Cornell cosmologist Thomas Gold revives old debate about moon to explain movement of dust into craters of asteroid Eros
FOR RELEASE: April 4, 2001
ITHACA, N.Y. -- More than just dust was kicked up when NASA's Near Earth Asteroid Rendezvous spacecraft, NEAR Shoemaker, made a successful landing on asteroid 433 Eros on Feb. 12. Also disturbed were the memories of an experiment carried out more than three decades ago by a student of Thomas Gold, professor emeritus of astronomy at Cornell University.
Images of small craters on 22-mile-long Eros, sent back to Earth by the NEAR spacecraft's camera, revealed a fine-grain material that has somehow found its way to the bottom of the craters. The members of the NEAR imaging team, including the team's leader, Cornell astronomer Joseph Veverka, expressed puzzlement over the movement of the dust that had created flat, smooth floors in craters. There is, they said, some unknown mechanism that moves the dust around so that it slides down the craters' sides, "ponding" in the bottoms.
Gold was, perhaps, the only observer not surprised.

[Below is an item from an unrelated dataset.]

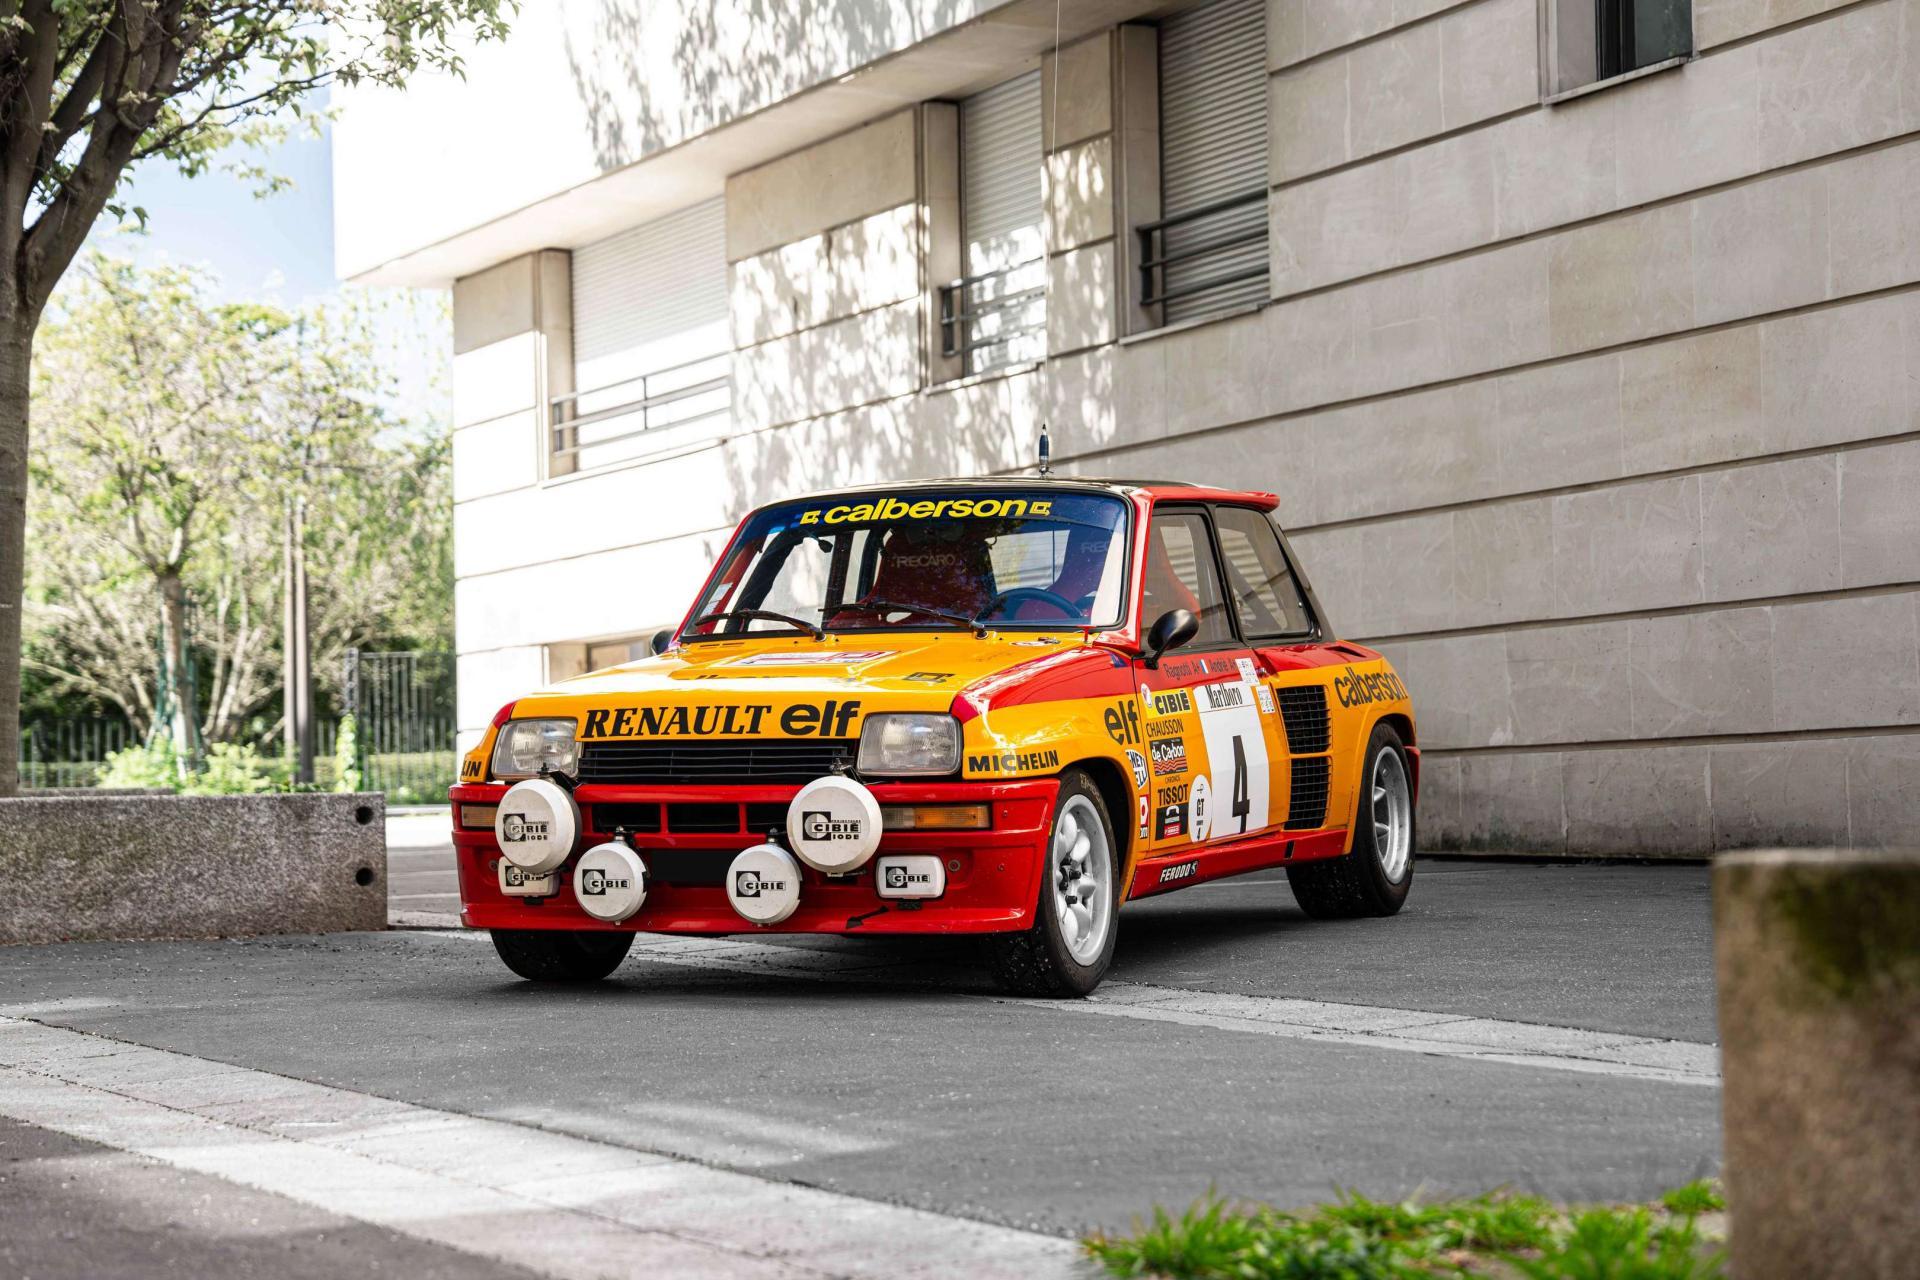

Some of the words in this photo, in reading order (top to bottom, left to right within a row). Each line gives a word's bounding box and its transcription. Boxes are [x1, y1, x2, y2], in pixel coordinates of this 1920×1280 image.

Static electricity, he argues, causes dust grains to levitate downhill into the bottom of craters -- the same process, he believes, that has filled craters on the moon. "If you added a layer 1 micron [0.001 millimeters] thick in the time since the Pyramids were built [about 5,000 years ago], you could get a layer 1 kilometer in depth over a billion years," says Gold, who has long been known as one of the world's foremost cosmologists.
"The features on Eros are so similar to those on the moon, that dust levitation has now to be reconsidered for all large lunar features, and major conclusions of lunar research now have to be reconsidered," says Gold.
Electric charges on the grains, he says, were created by charged-particle bombardment from the sun's solar wind, a current of ionized atoms and particles such as electrons and protons that the sun spews from its surface. When electrons with a high enough energy hit the dust grains, they either cause the grains to gain more negative charge or more positive charge, depending on the substance. "It's a very intriguing possibility and one which we will be evaluating seriously during the coming months," says Veverka, who is chair of Cornell's astronomy department.
Gold's controversial theory dates back to stormy debates that continued through the 1950s into the early 1970s on the geology of the moon's impact craters and their flat, dust-filled floors. Gold himself had written his first paper on the subject in 1955. And in the late 1960s his graduate student, the late Gregory J. Williams, carried out research at Cornell's astronomy department, which Gold chaired from 1959 to 1968, into the electrostatic agitation of the surface layers of fine rock powders. In 1976, Williams' Ph.D. dissertation, Electrodynamics and the Moon -- Transport Mechanisms, expounded many of Gold's theories on the transportation of dust on the moon.
The laboratory experiments found that dust particles under lunar conditions move when different grains adopt very different charges. The electrical interaction sets up strong electric fields on a very small scale, allowing electrical forces to levitate and move the dust particles.
"Based on the details of reflection of sunlight, grains on the surface had to be small enough so they could pile on top of each other in a very loose formation, which my colleagues called 'fairy castle structures.' I can't understand any process that could occur on the moon that would lift up material the size of a brick, but I can understand processes that would lift up 50-micron-sized grains," says Gold.
This contradicted the view of many geologists, who believed that lunar craters typically were filled either by material ejected by meteoroid and asteroid impacts or by lava. However, says Gold, the smoothing and filling in of craters on the moon and asteroid Eros was not accomplished by falling debris from an impact (which would give a "snowed over" appearance to the land and rocks) -- and lava flows on tiny Eros are not possible.
"The amount of material that is missing from the craters on the side of the moon visible from Earth, if distributed all over that area, would make a layer between one and two kilometers deep. You either have to say that this material vanished from the moon, which is not likely, or that it had migrated downhill just as it would have done on Earth for different reasons," says Gold.
The filling in of craters from dust levitation on Eros appears to Gold to be similar in nature -- and to be taking place at about the same rate -- to the erosion present on the hidden side of the moon, which does not receive as intense an electron bombardment from the solar wind as does the side facing Earth. Since Eros lies 289 million miles from the sun, it is hit by fewer higher energy electrons than the facing side of the moon.